And information technology'southward going pretty cheap you say? "Well it's a deceased manor….aren't the pressed metal ceilings great?"

And so I run across the handrails in the shower, a collection of those canisters for coffee, tea and flour, and a photo of a immature human being in a van in Vietnam.

And I can't think of floorboards anymore, whether the front room faces s or due north, and I wonder what she bought it for.

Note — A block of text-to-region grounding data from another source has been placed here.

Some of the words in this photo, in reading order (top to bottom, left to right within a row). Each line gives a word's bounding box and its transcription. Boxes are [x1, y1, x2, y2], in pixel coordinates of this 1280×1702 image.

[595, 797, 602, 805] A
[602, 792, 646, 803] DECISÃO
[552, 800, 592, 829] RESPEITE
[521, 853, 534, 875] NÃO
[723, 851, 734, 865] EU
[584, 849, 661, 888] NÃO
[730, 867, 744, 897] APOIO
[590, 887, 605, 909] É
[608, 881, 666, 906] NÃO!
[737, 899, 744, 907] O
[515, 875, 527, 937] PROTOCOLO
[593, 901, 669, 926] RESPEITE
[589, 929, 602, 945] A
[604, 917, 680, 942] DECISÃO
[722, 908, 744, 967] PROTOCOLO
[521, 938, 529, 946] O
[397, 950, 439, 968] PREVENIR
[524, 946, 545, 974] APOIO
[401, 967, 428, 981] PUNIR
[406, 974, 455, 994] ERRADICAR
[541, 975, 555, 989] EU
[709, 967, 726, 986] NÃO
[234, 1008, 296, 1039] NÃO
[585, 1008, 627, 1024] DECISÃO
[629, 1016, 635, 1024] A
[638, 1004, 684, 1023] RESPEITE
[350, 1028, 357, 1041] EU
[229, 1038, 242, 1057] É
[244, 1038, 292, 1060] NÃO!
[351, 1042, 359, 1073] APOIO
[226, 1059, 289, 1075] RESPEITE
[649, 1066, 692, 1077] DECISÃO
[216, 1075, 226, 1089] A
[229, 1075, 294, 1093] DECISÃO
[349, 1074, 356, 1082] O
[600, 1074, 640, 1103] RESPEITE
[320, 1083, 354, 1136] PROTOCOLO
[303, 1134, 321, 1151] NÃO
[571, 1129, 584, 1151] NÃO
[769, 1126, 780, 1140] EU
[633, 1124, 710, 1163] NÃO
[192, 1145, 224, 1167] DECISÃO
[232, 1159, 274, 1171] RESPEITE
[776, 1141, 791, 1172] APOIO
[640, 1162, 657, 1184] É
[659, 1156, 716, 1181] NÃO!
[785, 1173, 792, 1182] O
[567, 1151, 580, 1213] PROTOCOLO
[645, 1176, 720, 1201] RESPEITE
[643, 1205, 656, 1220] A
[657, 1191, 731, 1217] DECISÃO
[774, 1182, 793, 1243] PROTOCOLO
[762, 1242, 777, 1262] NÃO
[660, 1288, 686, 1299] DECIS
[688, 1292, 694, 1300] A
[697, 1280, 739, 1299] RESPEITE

(If you've got a spare half a 1000000, you should knock it downwards and start rebuilding)

Nameless, Faceless

Tell Me How You Actually Feel – 5. Nameless, Faceless

Don't y'all accept anything better to practice
I wish that someone would hug you lot
Must be lonely
Being angry
Feeling over-looked.
You sit down alone at dwelling in the darkness
With all the pent-upwards rage that you lot harness
I'm existent sorry
Tour whatever happened to yous

I wanna walk through the park in the night
Men are scared that women volition laugh at them
I wanna walk through the park in the nighttime
Women are scared that men will kill them
I hold my keys
Between my fingers

He said "I could consume a basin of alphabet soup
And spit out better words than you"
Simply yous didn't
Man you're kidding yourself if you think
The world revolves around you
Yknow you got lots to give
N so many options
I'g real sorry
Bout whatever happened to you

I wanna walk through the park in the dark
Men are scared that women will laugh at them
I wanna walk through the park in the dark
Women are scared that men will impale them

I hold my keys
Betwixt my fingers
Keep tell me
Y'all're just kidding
He said, she said
Nameless, faceless

David

The Double EP: A Body of water of Split Peas – 5. David

If you see me when I'one thousand feeling downwards, I don't know if I want you around.

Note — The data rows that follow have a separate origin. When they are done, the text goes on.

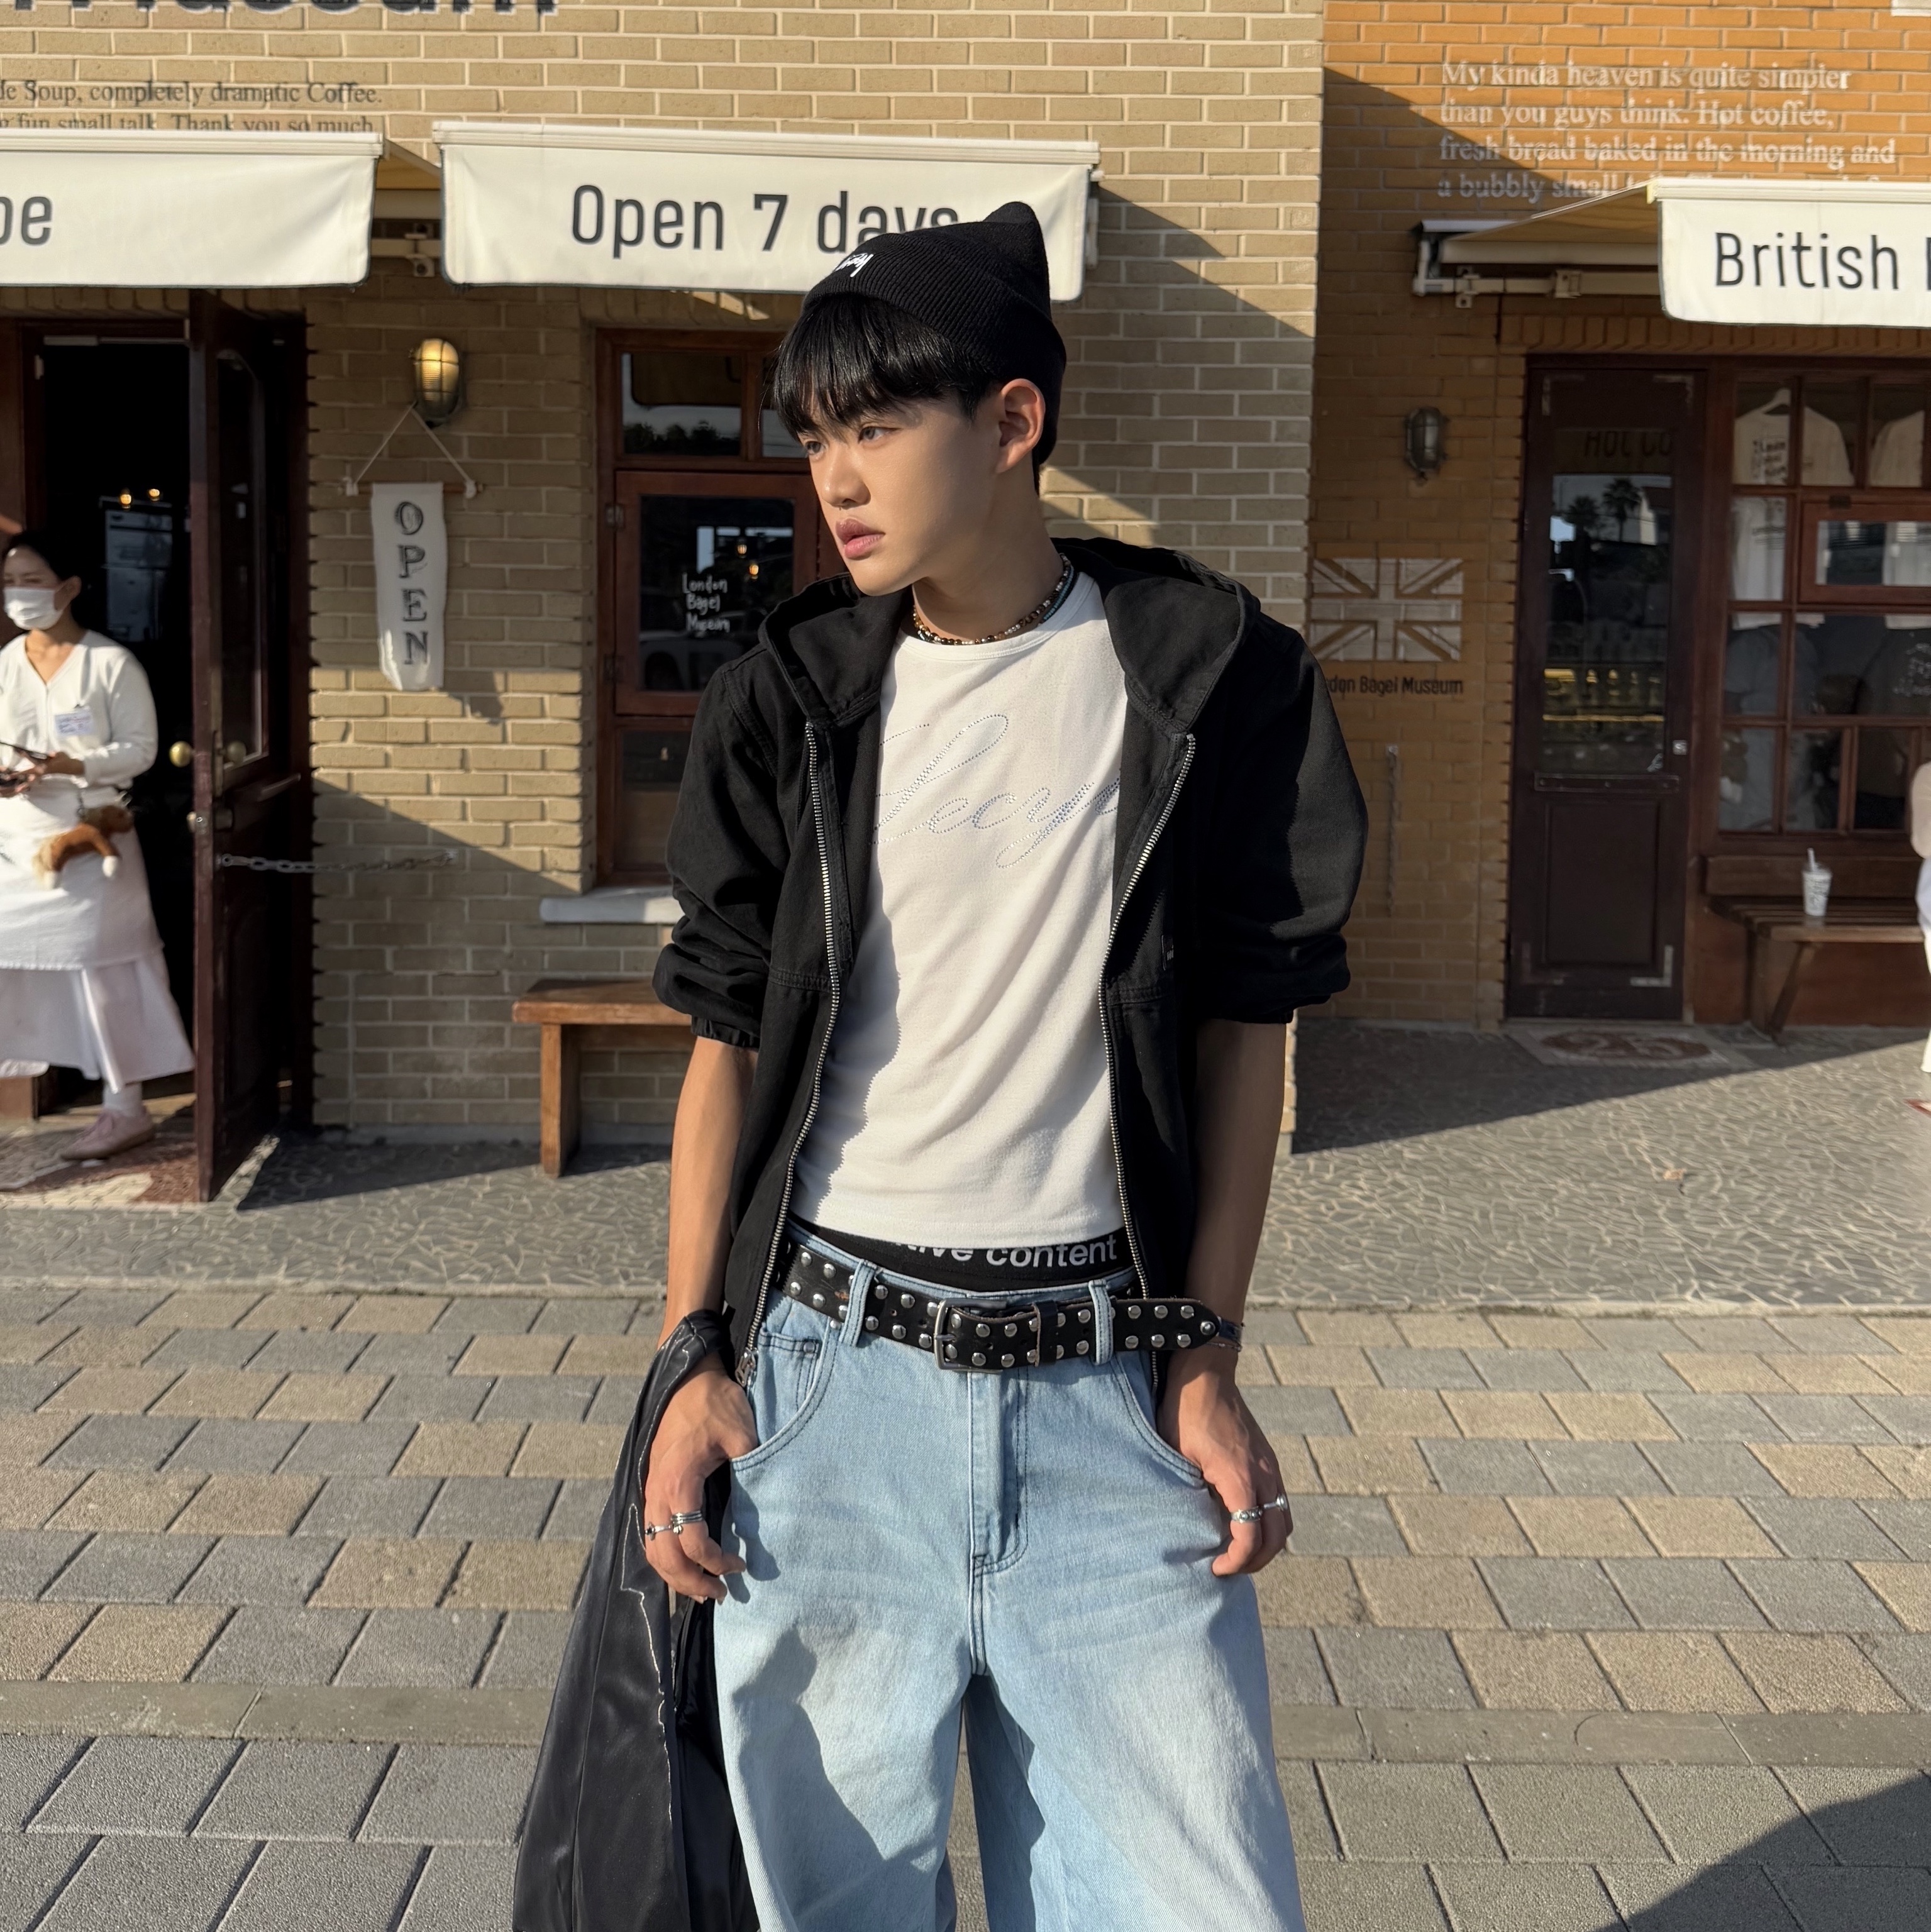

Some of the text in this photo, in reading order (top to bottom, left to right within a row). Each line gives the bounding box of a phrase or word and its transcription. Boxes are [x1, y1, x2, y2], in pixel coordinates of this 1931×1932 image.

[1442, 58, 1851, 95] My kinda heaven is quite simpler
[25, 80, 82, 106] Soup,
[91, 80, 203, 107] completely
[211, 81, 300, 102] dramatic
[307, 82, 382, 102] Coffee.
[18, 112, 50, 130] fun
[58, 114, 112, 130] small
[170, 114, 233, 130] Thank
[243, 119, 280, 131] you
[287, 119, 310, 131] so
[1440, 97, 1835, 130] than you guys think. Hot coffee,
[1439, 134, 1896, 170] fresh bread baked in the morning and
[1437, 177, 1451, 197] a
[1459, 171, 1546, 204] bubbly
[1552, 173, 1618, 197] small
[572, 184, 724, 259] Open
[753, 193, 788, 251] 7
[1715, 231, 1899, 290] British
[394, 501, 428, 665] OPEN
[682, 571, 728, 594] London
[686, 592, 721, 615] Bagel
[1359, 675, 1398, 697] Bagel
[1402, 676, 1464, 694] Museum
[986, 1234, 1117, 1267] content

Don't want you around…I don't actually like any of your friends, only information technology's not that hard for me to pretend.

Hard to pretend…Come on Davey, allow'southward go institute a tree.

You bring the spade, I'll bring the seeds. I'll bring the seeds…

Turning Green

Things Take Time, Take Time – 5. Turning Greenish

You lot been around the world looking for the perfect girl turns out she was simply livin down the street, livin down the street. When you got the time can I become you lot on the line? I desire you to tell me everything, tell me everything. I never seen you so happy.

The trees are turning green n this springtime lethargy is kinda forcing you to meet flowers in the weeds. When you got the time can I become you on the line? I want you to tell me everything, tell me everything. I never seen you and so happy

I hear all your fears and they are understandable my friend. Why don't you allow go of those ideas, they're never gonna serve you in the cease.

Aqua Profonda!

Sometimes I Sit and Recall, and Sometimes I Just Sit down – six. Aqua Profonda!

I saw y'all in the lane adjacent to me.

Yous were doing gratuitous-style.

So you lot switched information technology around to a footling bit of backstroke.

I couldn't see underneath your swimming cap but it appeared that yous had night coloured pilus; peradventure it was blonde for all I know.

I had goggles on.

They were getting foggy.

I much adopt swimming to jogging.

I tried my very best to impress you, held my breath longer than I normally do.

I was getting silly.

My hair was moisture n frizzy.

Felt my muscles fire, I took a tumble-plough for the worse (it's a expletive my lack of athleticism).

Sunk like a rock.

Similar a first owners home loan.

When I came to, you and your towel were gone.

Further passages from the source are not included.